The year has been characterised by persistent inflation and tighter
monetary policy, a reversal in trend from what we had become used to over the
last decade and more. Although many of
these challenges will linger into the early months of 2023, we do believe that
opportunities for investors, across both credit and equity, are improving.
The main driver of financial
markets next year will again be inflation and the key question that investors
continue to ask themselves is whether or not inflation will start to come down
as economic activity slows. If so, then
central banks will stop raising rates, and recessions, where they occur, will
likely be modest. There are signs that
inflationary pressures are moderating already and will continue to do so in
2023. We therefore feel that both
inflation and interest rates will peak in H1 2023.
China will remain a key component
when considering the direction for financial markets in 2023. The prolonged period of lockdown in China
appears untenable now and we expect the country to experience an acceleration
in activities as pent up demand is released.

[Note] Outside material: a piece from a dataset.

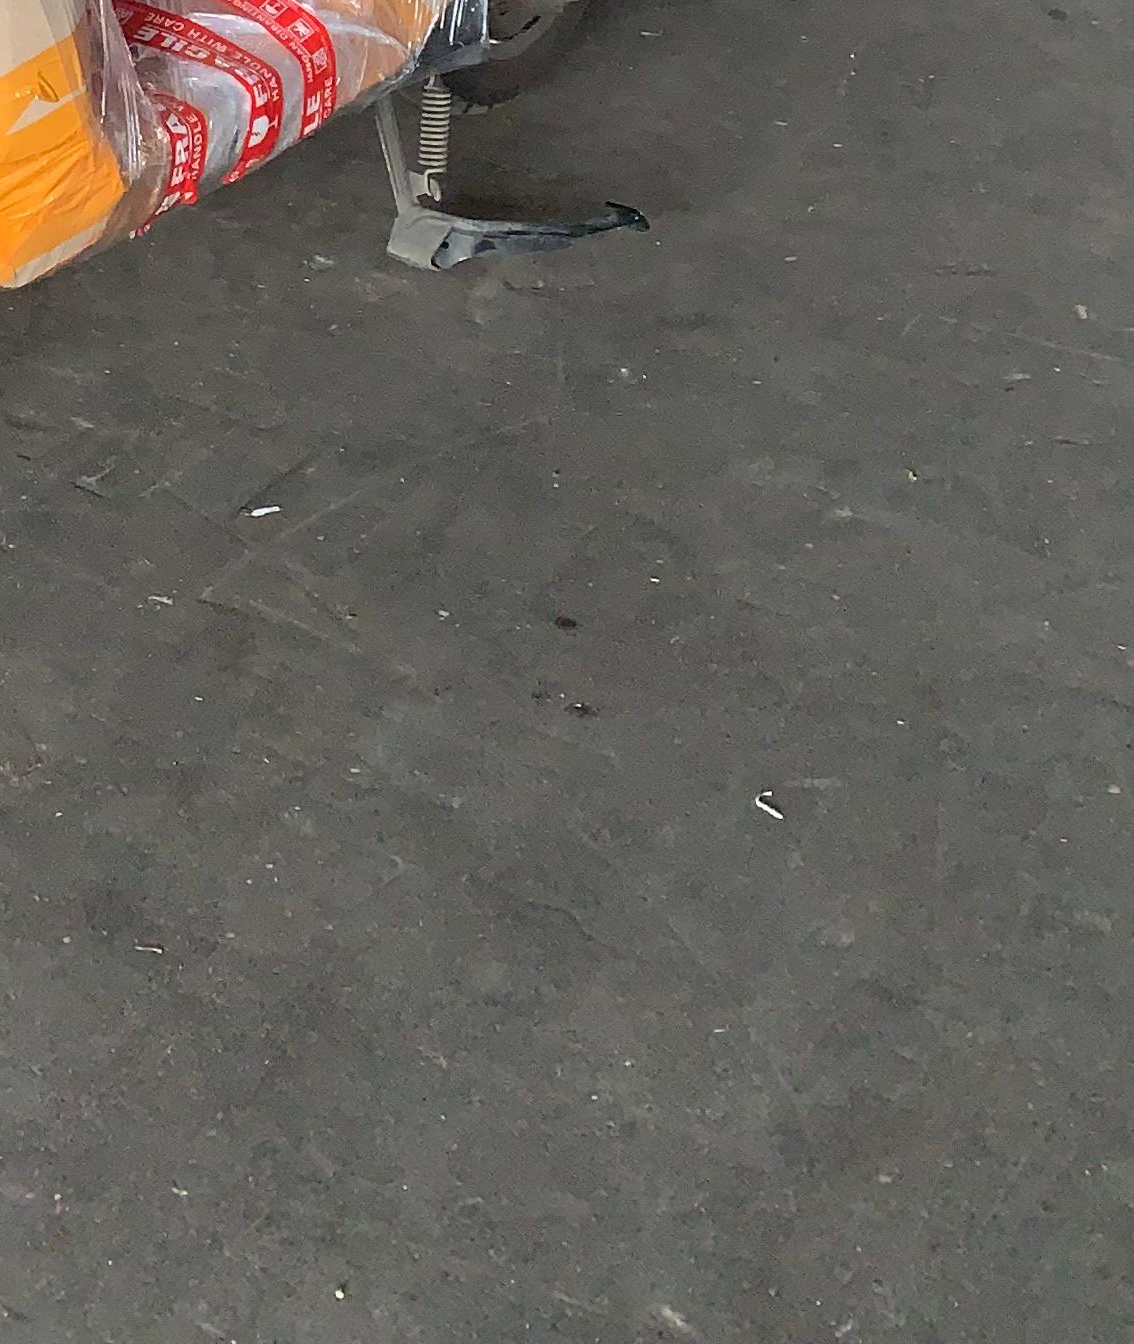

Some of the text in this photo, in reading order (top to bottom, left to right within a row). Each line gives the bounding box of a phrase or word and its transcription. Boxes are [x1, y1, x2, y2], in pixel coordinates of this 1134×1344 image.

[144, 13, 280, 102] HANDLE WITH CARE

While the timing of policy changes remains uncertain, the market’s
recent performance has highlighted how sensitive investors are to any signs of
a shift in approach. Furthermore, and
perhaps more importantly, normalisation of the Chinese economy could significantly
ease the supply chain issues that have contributed to rapidly rising inflation
in the developed world. This may well be
a key driver for lower inflation in 2023.
Although GDP growth is likely to
be lacklustre in 2023, both stocks and bonds have pre-empted these macro
troubles and look increasingly attractive from a valuation perspective,
especially when compared to the past decade.
The broad based selloff in equity markets has left some stocks with
strong earnings potential obtaining very low valuations. We continue to adopt a cautious approach
albeit focussed on equities, many of which have already priced in a lot of bad
news and are offering dependable dividends.
Despite the drawdown in 2022 we believe that portfolios are well
positioned to fully participate in the recovery as and when it comes.